Install the MultiTenant Application into Child Azure Active Directories

Now that you’ve validated that your application works as expected in the Home/Management directory, lets install it into another Azure Active Directory.

1. Open https://login.microsoftonline.com/[Child Tenant ID]/oauth2/authorize?client_id=[Application (client) ID from above]&response_type=code&redirect_uri=https://portal.azure.com in the browser, substituting in the Tenant ID of the child Azure Active Directory tenant as “Child Tenant ID”, as well as the App Registration’s “Application (client) ID” as “Application (client) ID”. You’ll be presented with a Consent prompt to install the application into the target directory. Check the box to consent on behalf of the org, and click “Accept” to install the app into the directory.
2. Once the app is installed, give the application access to a subscription trusted by the Azure Active Directory. For simplicity’s sake, I’ll assign “Contributor” access to my subscription (Navigate to the subscription, “Access control (IAM)”, “Role assignments”, and assign the “Contributor” role to the subscription)

At this point, we should be able to test login using the Azure CLI to our child directory with our service principal.
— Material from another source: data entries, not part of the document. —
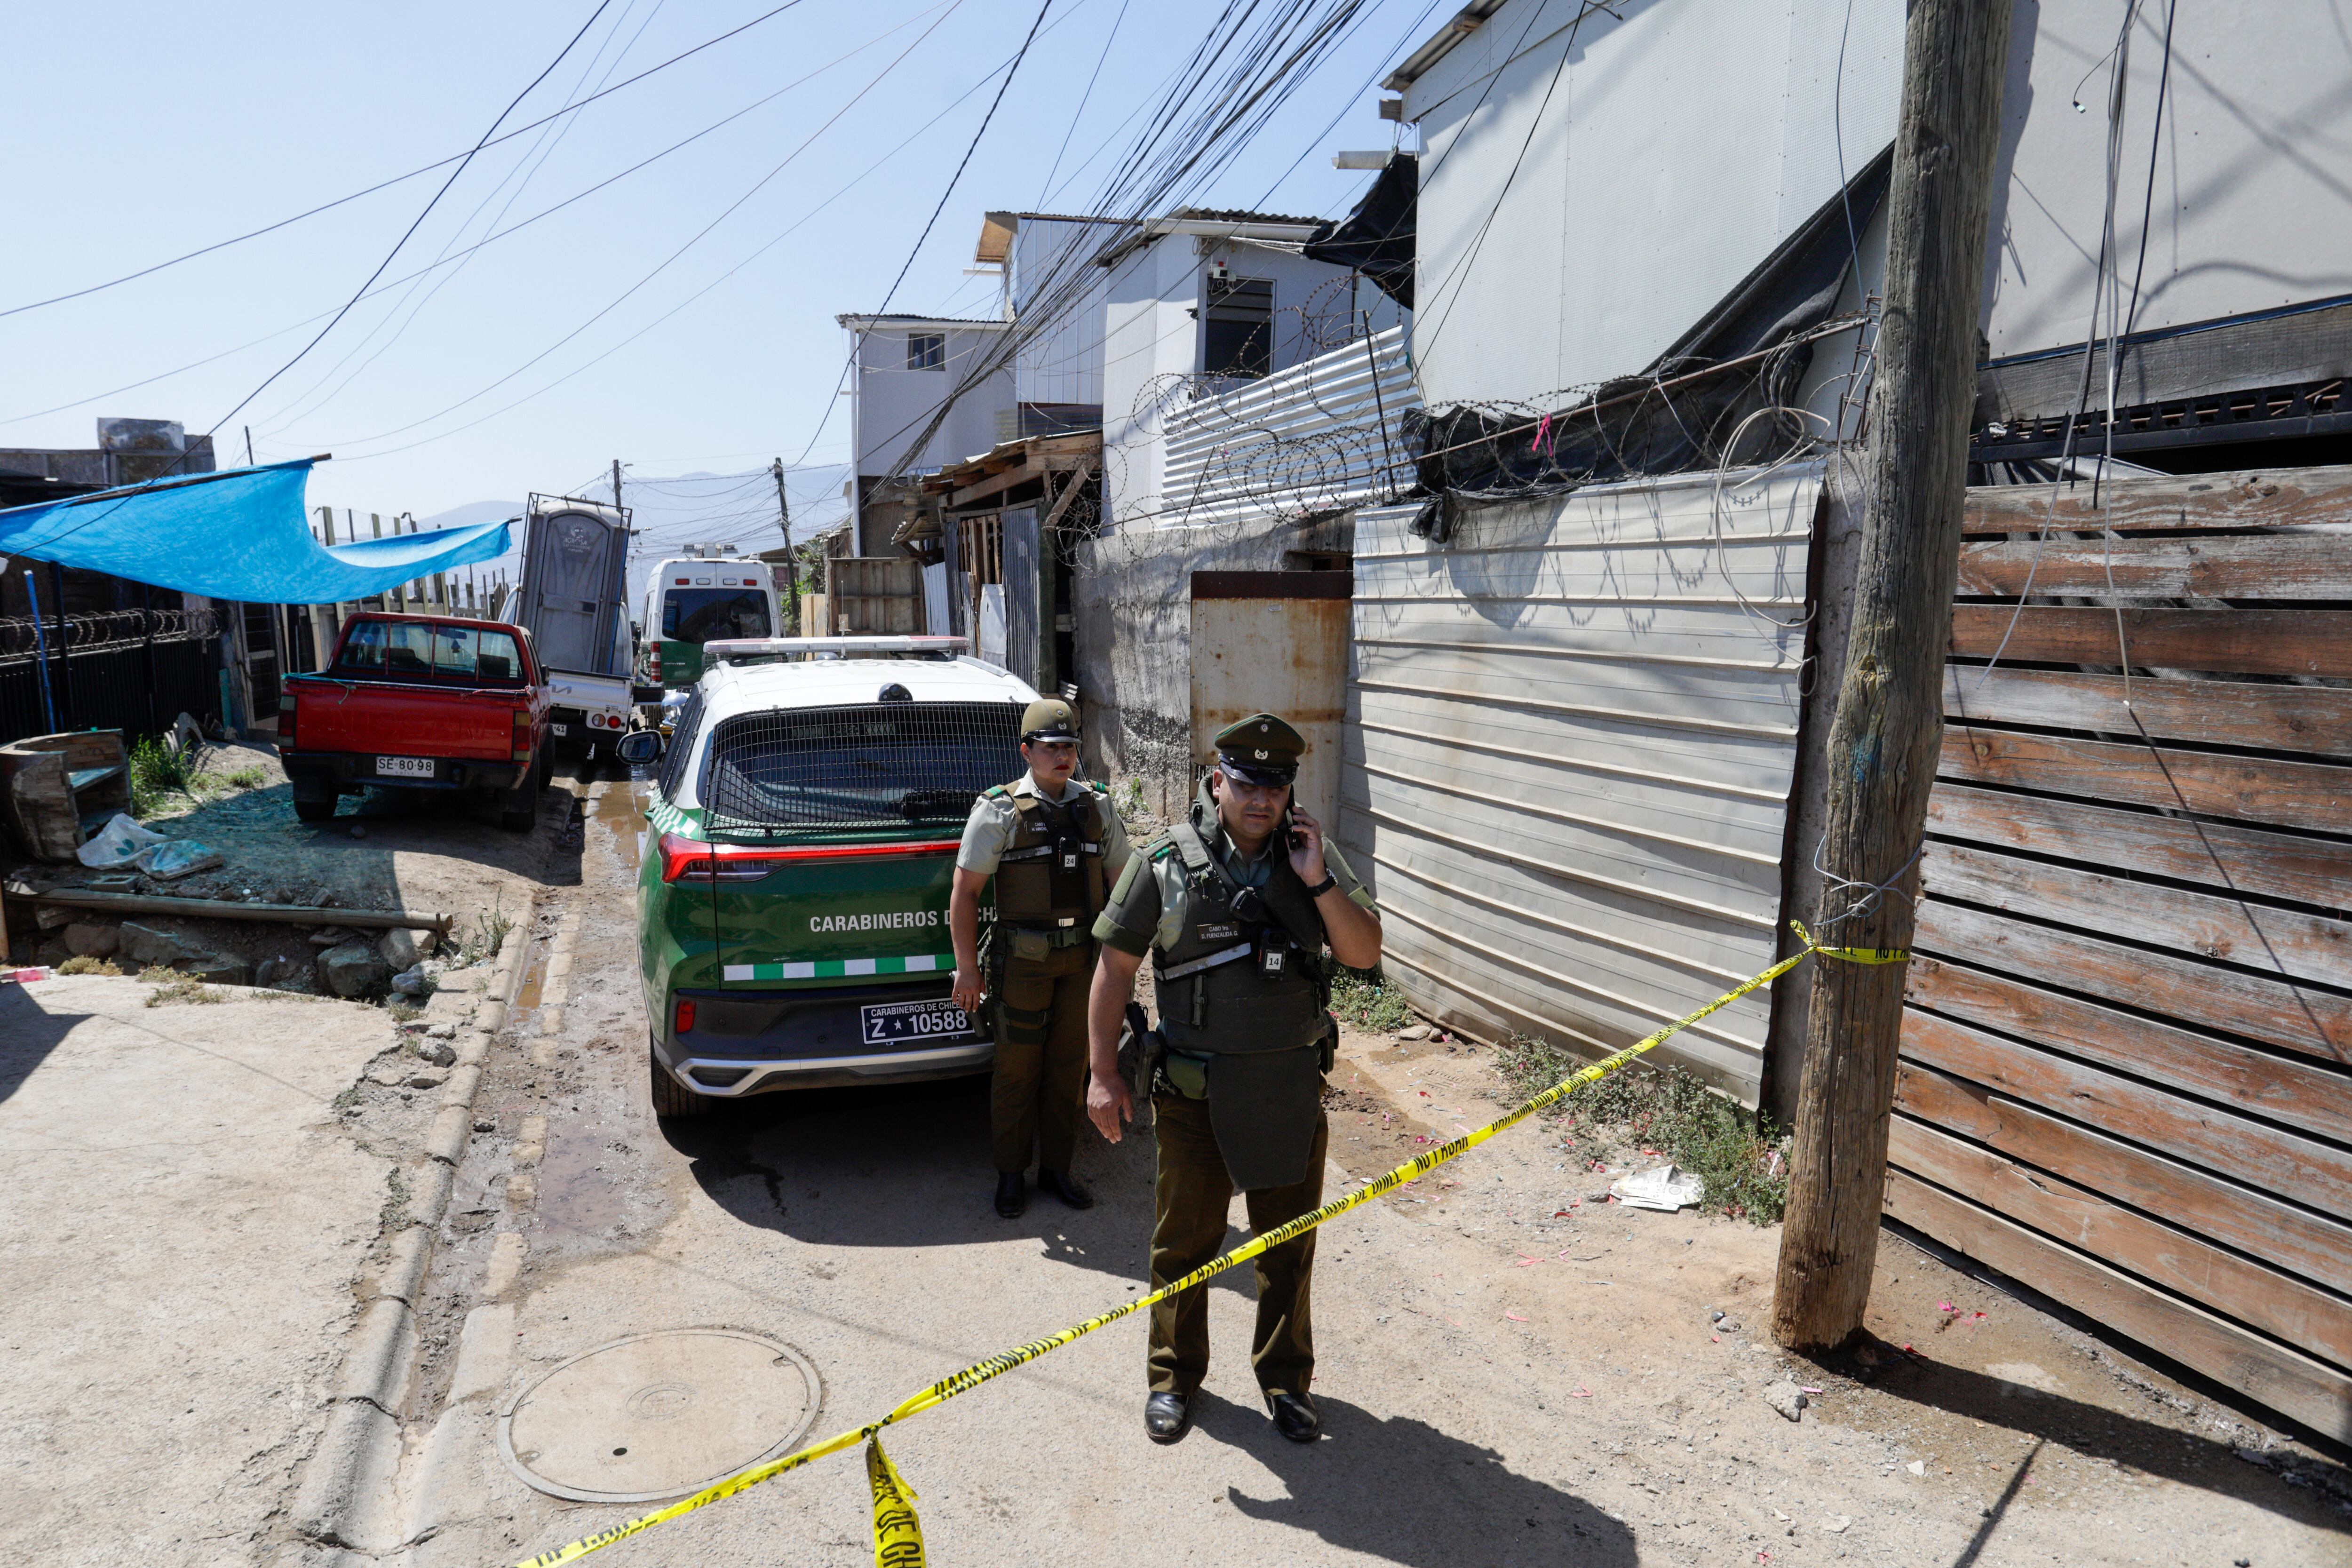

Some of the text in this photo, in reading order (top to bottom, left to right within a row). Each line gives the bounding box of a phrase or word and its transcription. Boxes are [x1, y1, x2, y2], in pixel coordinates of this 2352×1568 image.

[810, 910, 938, 932] CARABINEROS
[1268, 957, 1279, 966] 14
[871, 1004, 925, 1017] CARABINEROS
[927, 1003, 937, 1011] DE
[871, 1010, 967, 1038] Z 10588
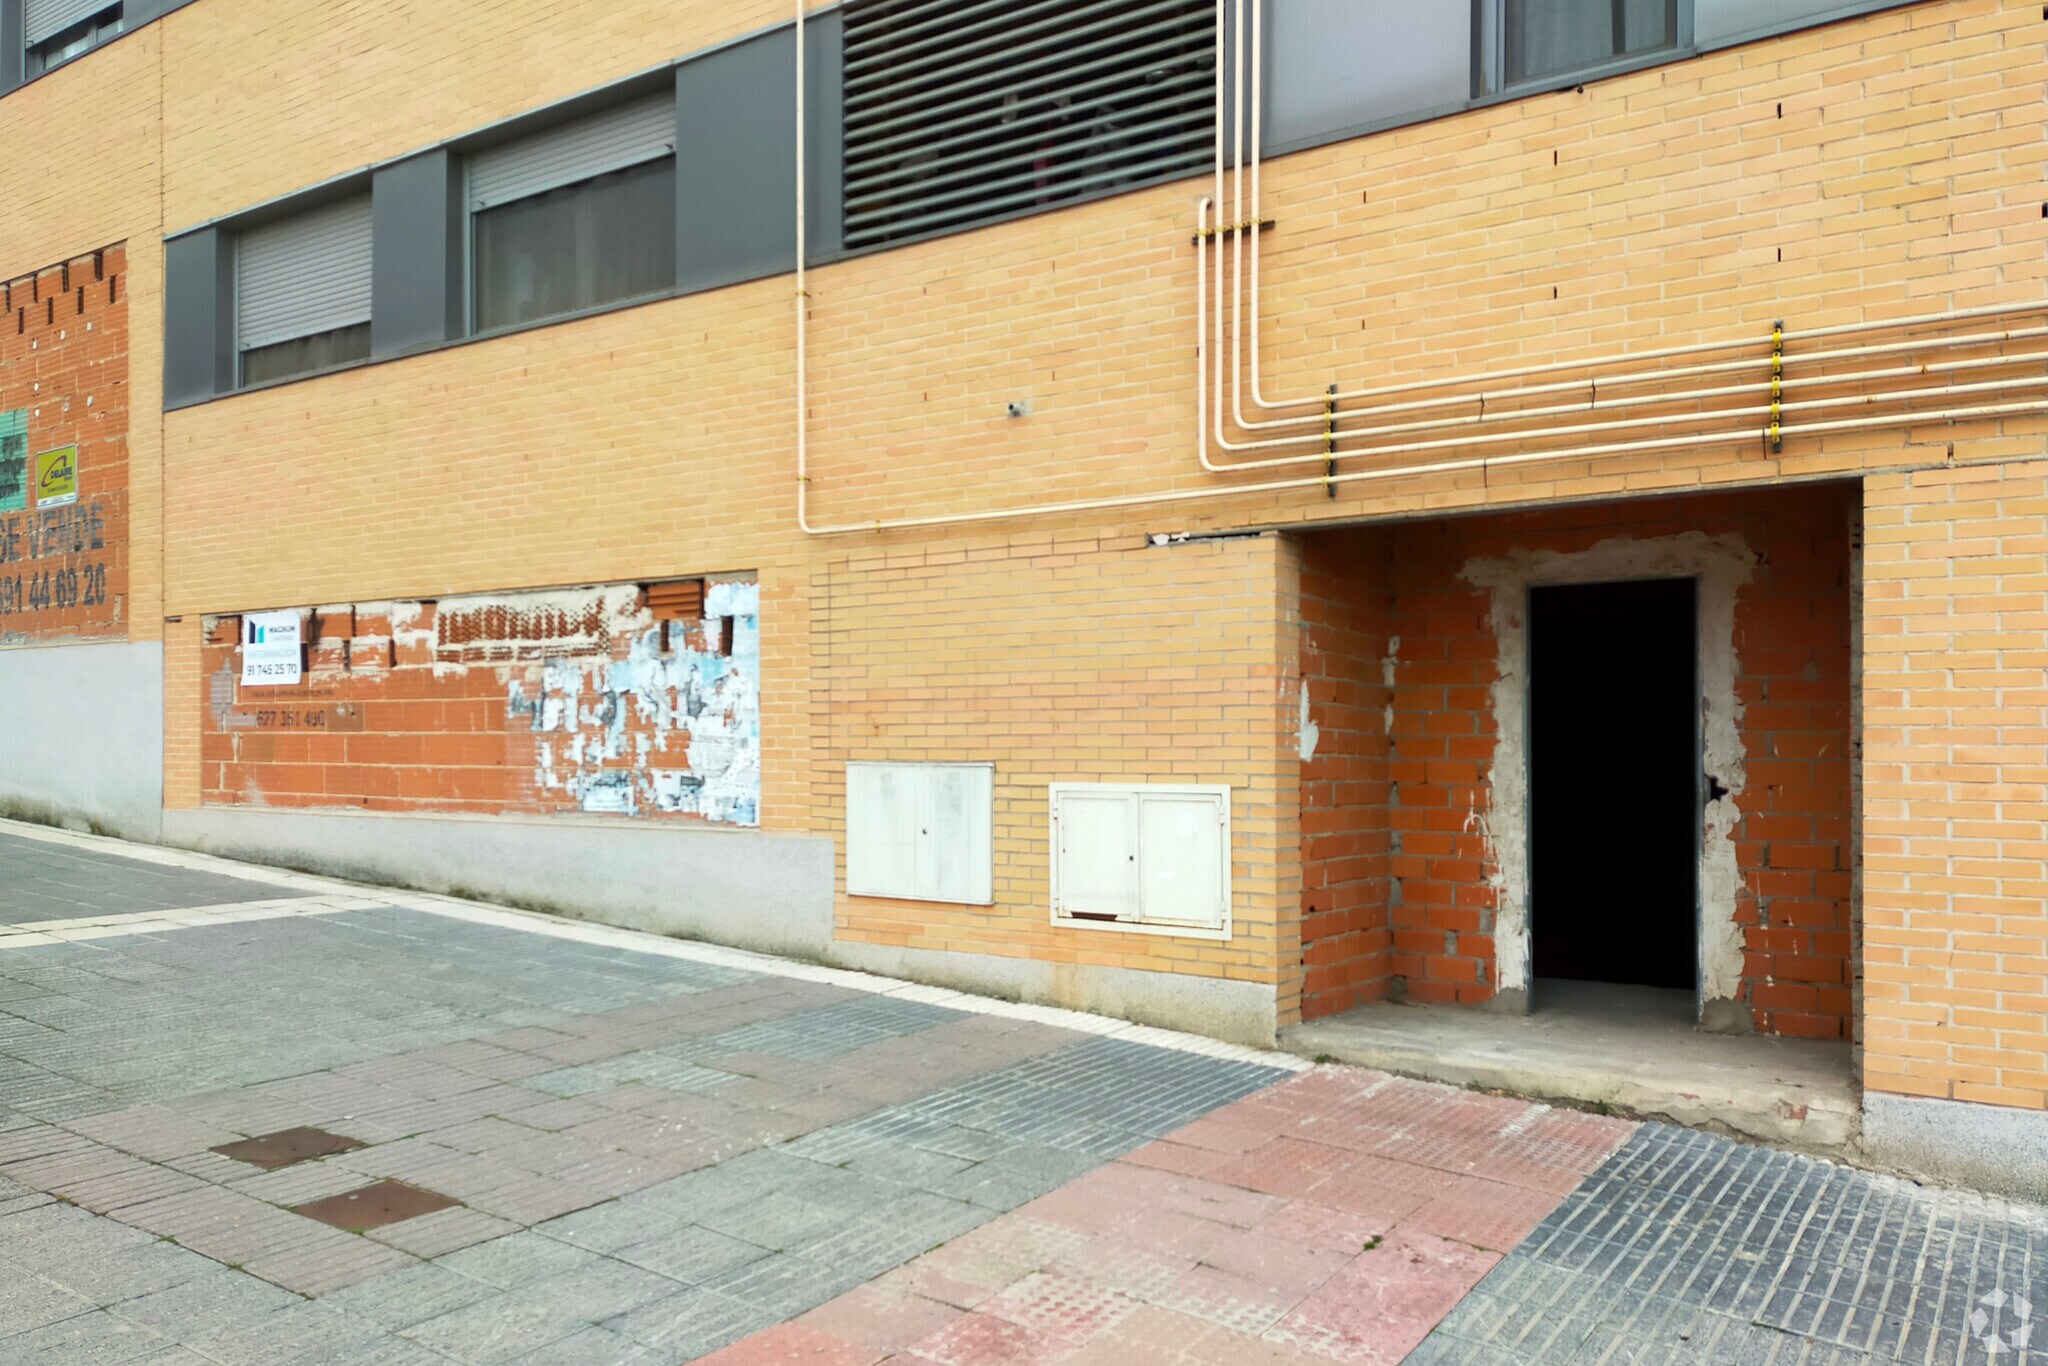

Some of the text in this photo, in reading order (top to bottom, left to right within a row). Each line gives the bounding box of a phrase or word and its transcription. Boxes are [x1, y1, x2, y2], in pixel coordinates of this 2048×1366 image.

[28, 503, 104, 559] VENDE
[29, 571, 50, 611] 44
[56, 567, 78, 609] 69
[84, 562, 106, 605] 20
[247, 663, 297, 676] 91 745 25 70
[257, 710, 277, 726] 627
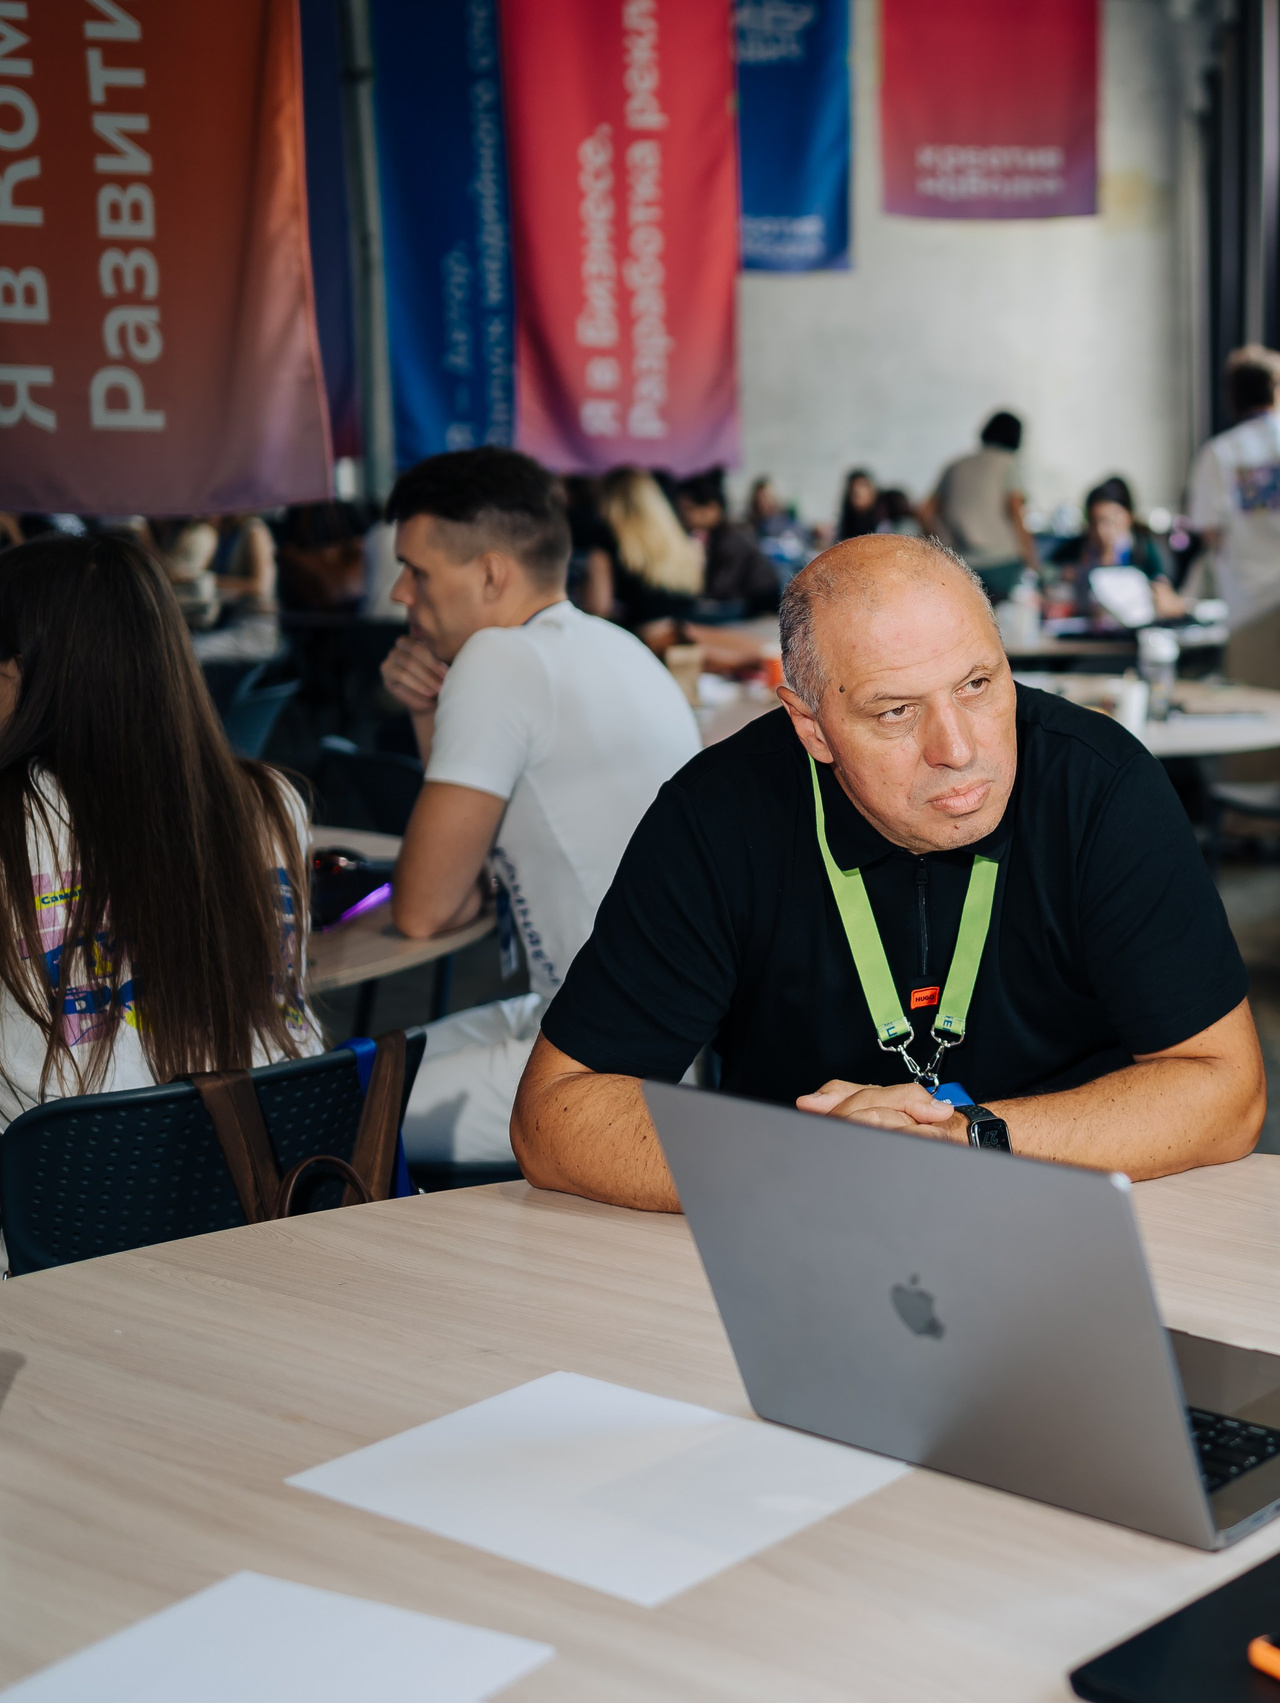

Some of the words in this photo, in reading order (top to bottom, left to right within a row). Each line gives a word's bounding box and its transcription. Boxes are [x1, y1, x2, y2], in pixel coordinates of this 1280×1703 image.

1. Validate that we’re not logged in currently at the CLI (if you need to log out, you can use az logout):
2. Log in to the Azure CLI with our service principal: az login --service-principal --username [Application (client) ID from above] --tenant [Tenant ID for our child tenant]. You’ll be prompted for the password. If everything worked correctly, you’ll be logged in successfully. Depending on what permissions you’ve assigned to the application, you should also be able to perform operations as this service principal. .

Rinse/Repeat on any additional Directories as needed.

Wrap-Up

This works, but it’s both significantly more complicated than similar functionality in AWS, as well as less flexible.

Ideally, I’d like to see this kind of functionality supported by Azure Managed Identites, but that’s currently not possible https://learn.microsoft.com/en-us/azure/active-directory/managed-identities-azure-resources/managed-identities-faq#can-i-use-a-managed-identity-to-access-a-resource-in-a-different-directorytenant. Having cross-directory functionality supported by user-assigned managed identities would be a big win.